EX-10.8 2 y81455exv10w8.htm EX-10.8 exv10w8
Exhibit 10.8
DOVER CORPORATION
DATE:
TO:
FROM:
SUBJ: SSAR Grant
Here are the details for your SSAR grant.
Number of shares of Dover Common Stock -
SSAR base price per share -
Date of Grant
Expiration Date -
SSAR base price per share -
Date of Grant
Expiration Date -
Your SSAR is subject to all of the terms and provisions of the Plan, which terms and provisions are expressly incorporated into and made a part of your SSAR award as if set forth in full herein. A copy of the Plan is included with this award agreement.
In addition, your SSAR is subject to the following:
1. Your SSAR is subject to earlier termination as provided in the Plan, for example, upon termination of employment prior to the expiration date.
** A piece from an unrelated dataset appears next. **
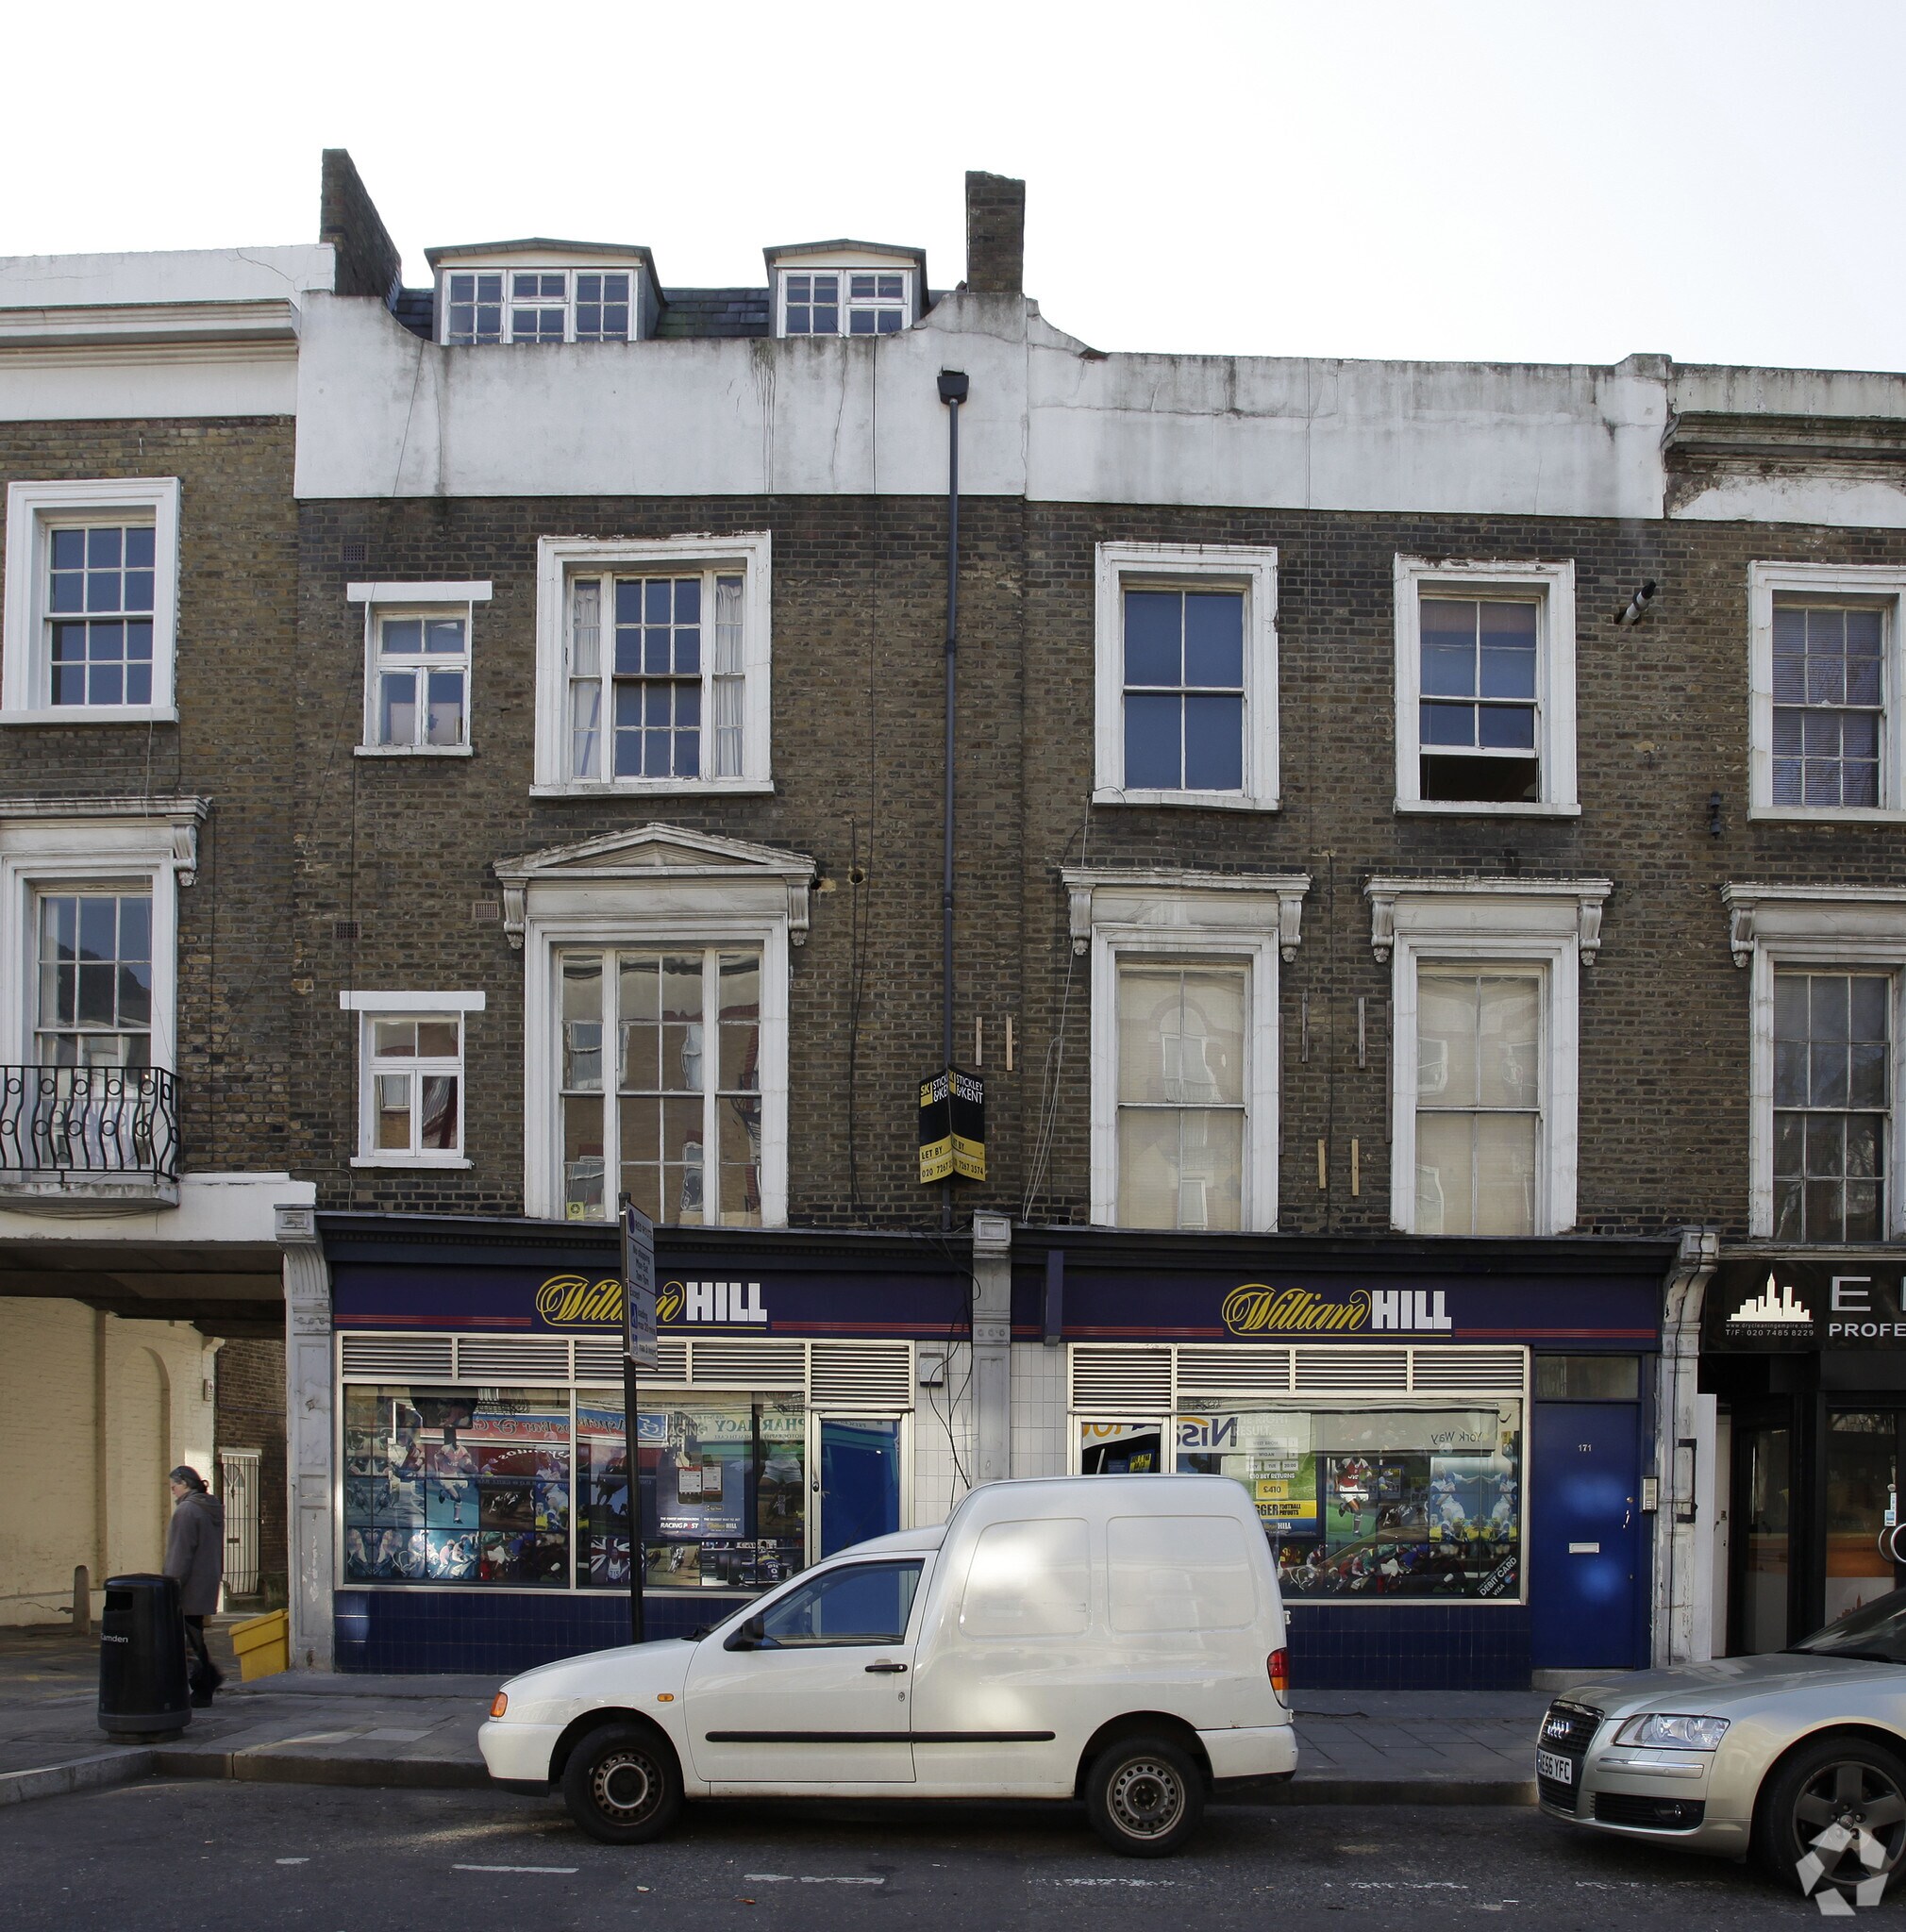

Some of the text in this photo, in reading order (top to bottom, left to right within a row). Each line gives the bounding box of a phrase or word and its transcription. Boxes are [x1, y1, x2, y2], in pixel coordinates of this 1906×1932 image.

2. It is your responsibility to keep track of your SSAR grants and to ensure that you exercise your SSARs before they expire. Dover will not remind or notify you that your SSAR is nearing its expiration date.
3. The earliest date on which the SSAR may be exercised is the third anniversary of the Grant Date. Earlier exercise may be permitted in the event of a Change in Control or death or disability as provided in the Plan. No payment is required to exercise a SSAR.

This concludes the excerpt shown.